## [Work to complete]
Return the records that follow unaltered. Omit every picture.

## [Data for review]
☆ ☆ ☆ ☆ ☆

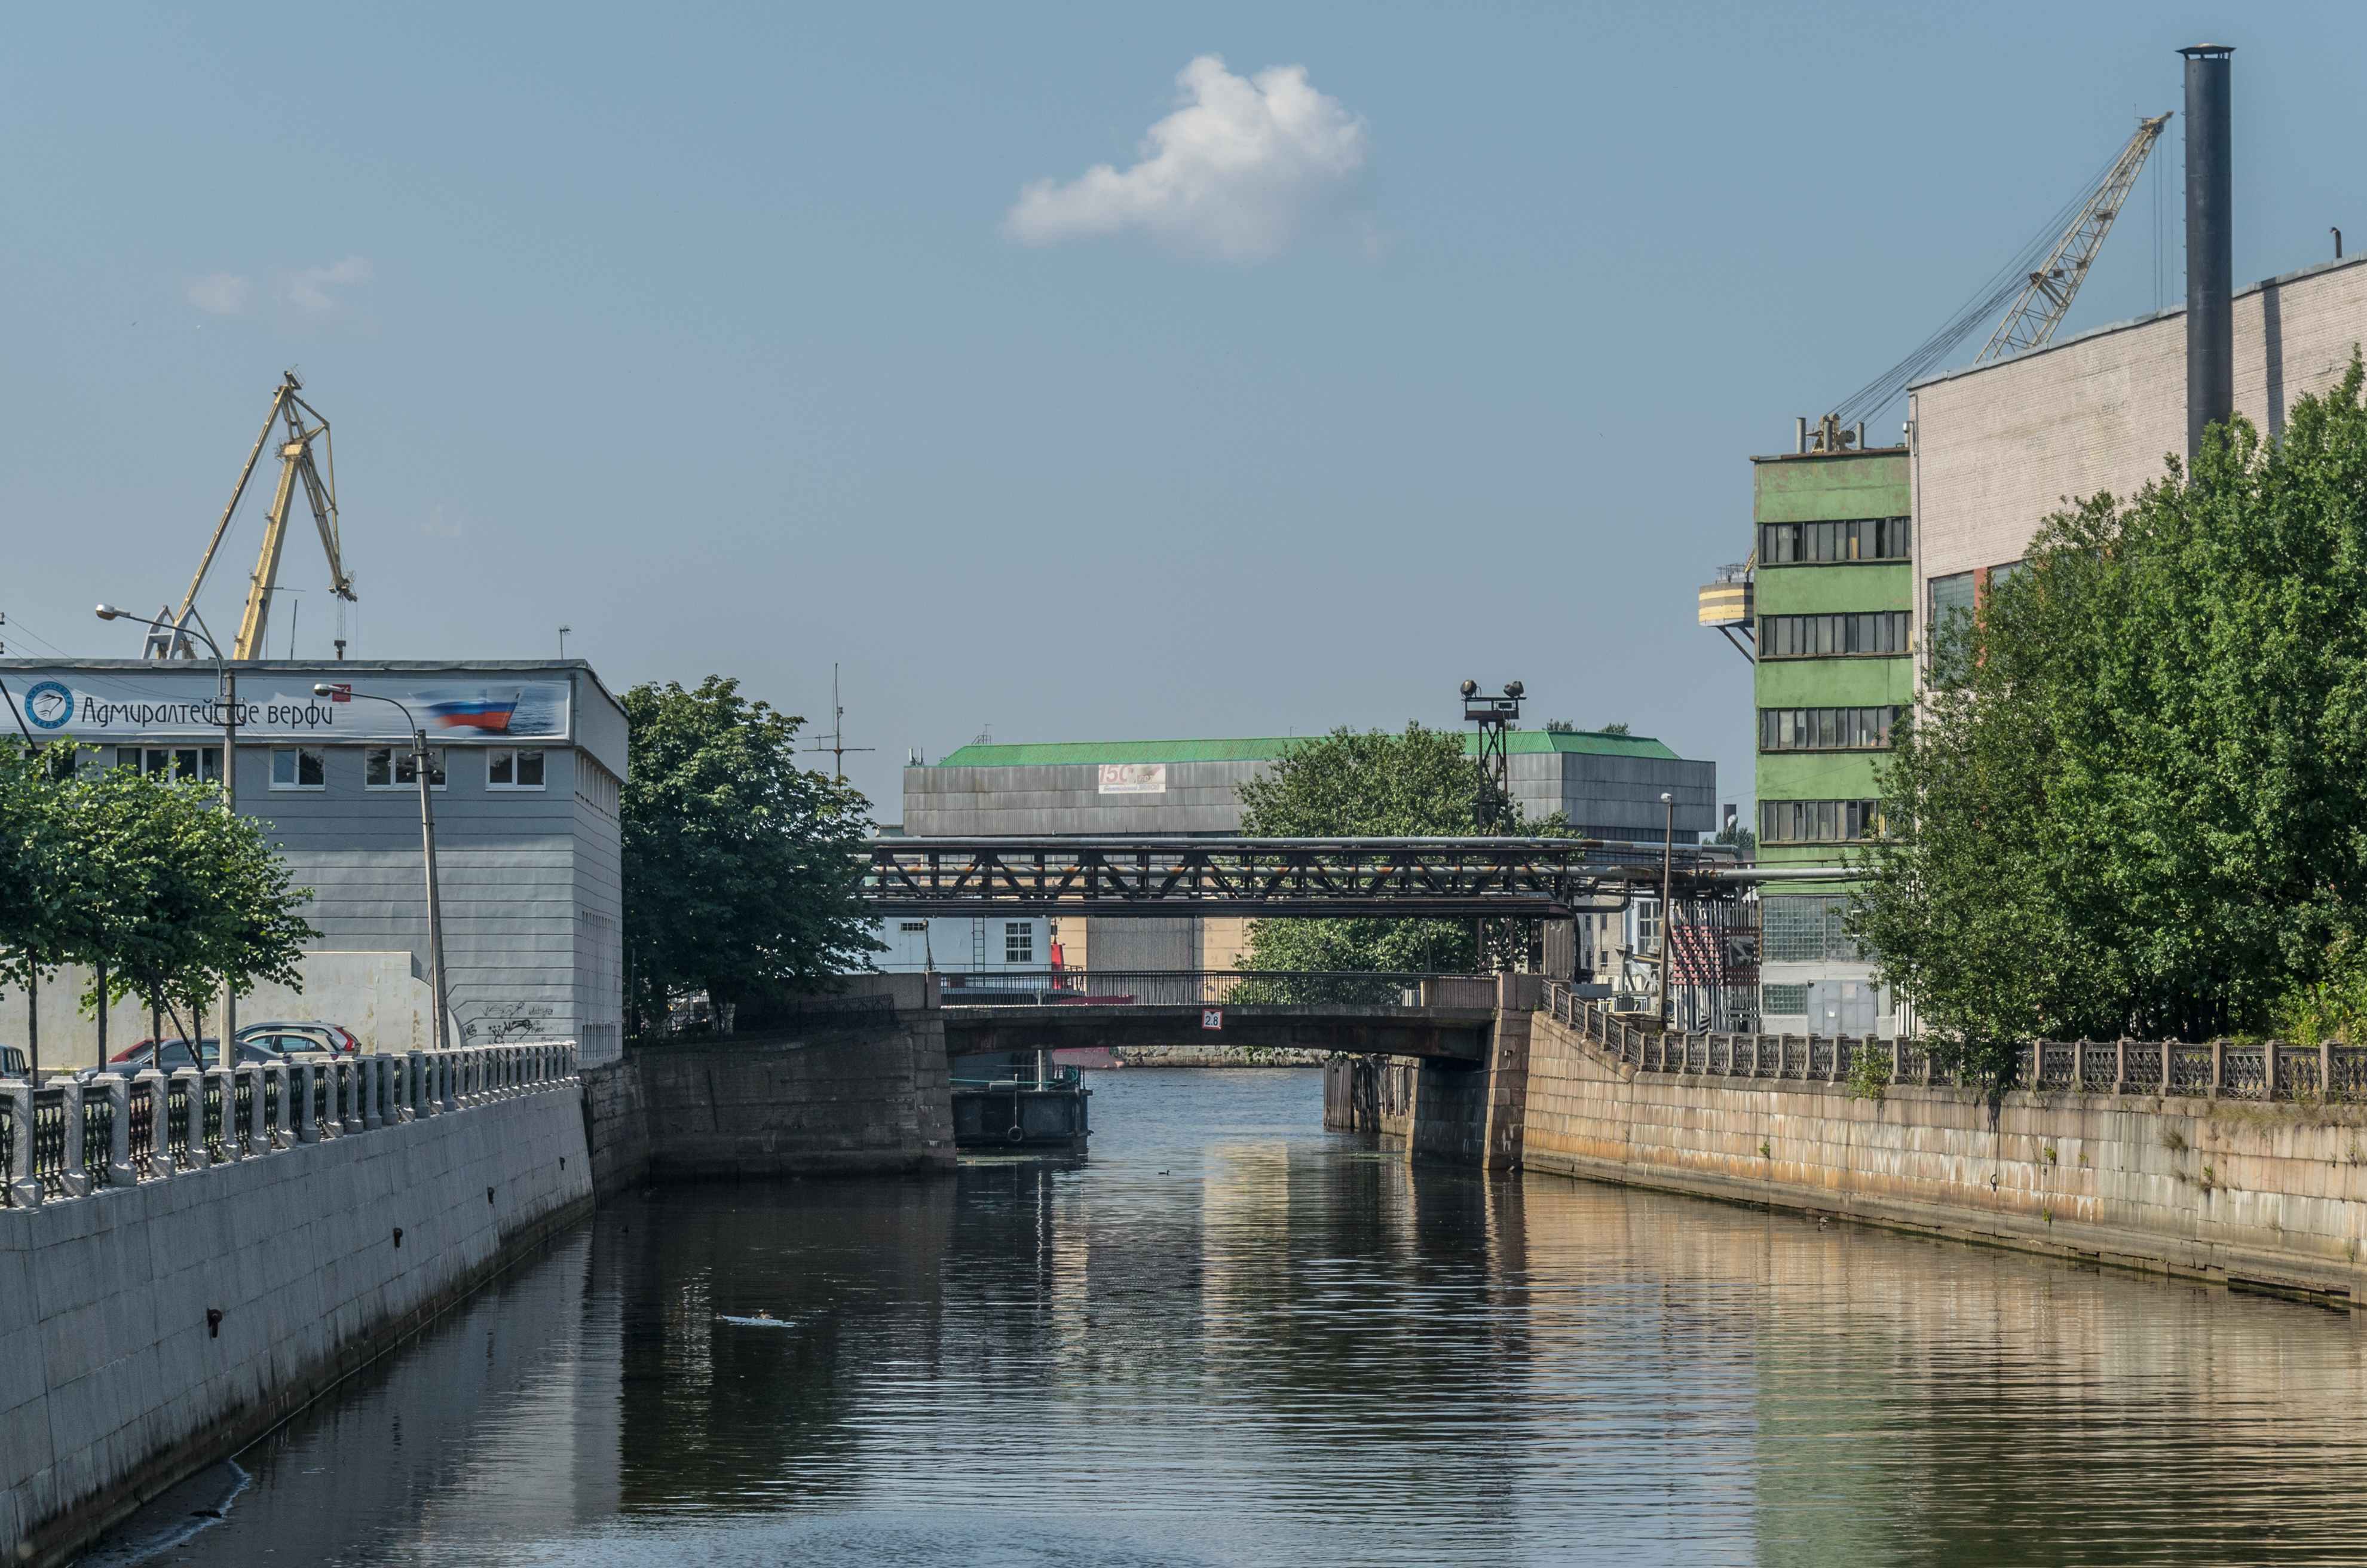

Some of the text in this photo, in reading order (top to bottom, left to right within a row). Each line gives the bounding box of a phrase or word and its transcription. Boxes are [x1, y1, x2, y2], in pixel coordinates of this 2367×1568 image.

[82, 697, 332, 729] Адмиралтейсие верфи
[33, 718, 65, 727] ВЕРФИ
[1099, 765, 1132, 783] 150
[1205, 1016, 1218, 1025] 2.8

☆ ☆ ☆ ☆ ☆

## [Response to the exercise]
Some of the text in this photo, in reading order (top to bottom, left to right within a row). Each line gives the bounding box of a phrase or word and its transcription. Boxes are [x1, y1, x2, y2], in pixel coordinates of this 2367×1568 image.

[82, 697, 332, 729] Адмиралтейсие верфи
[33, 718, 65, 727] ВЕРФИ
[1099, 765, 1132, 783] 150
[1205, 1016, 1218, 1025] 2.8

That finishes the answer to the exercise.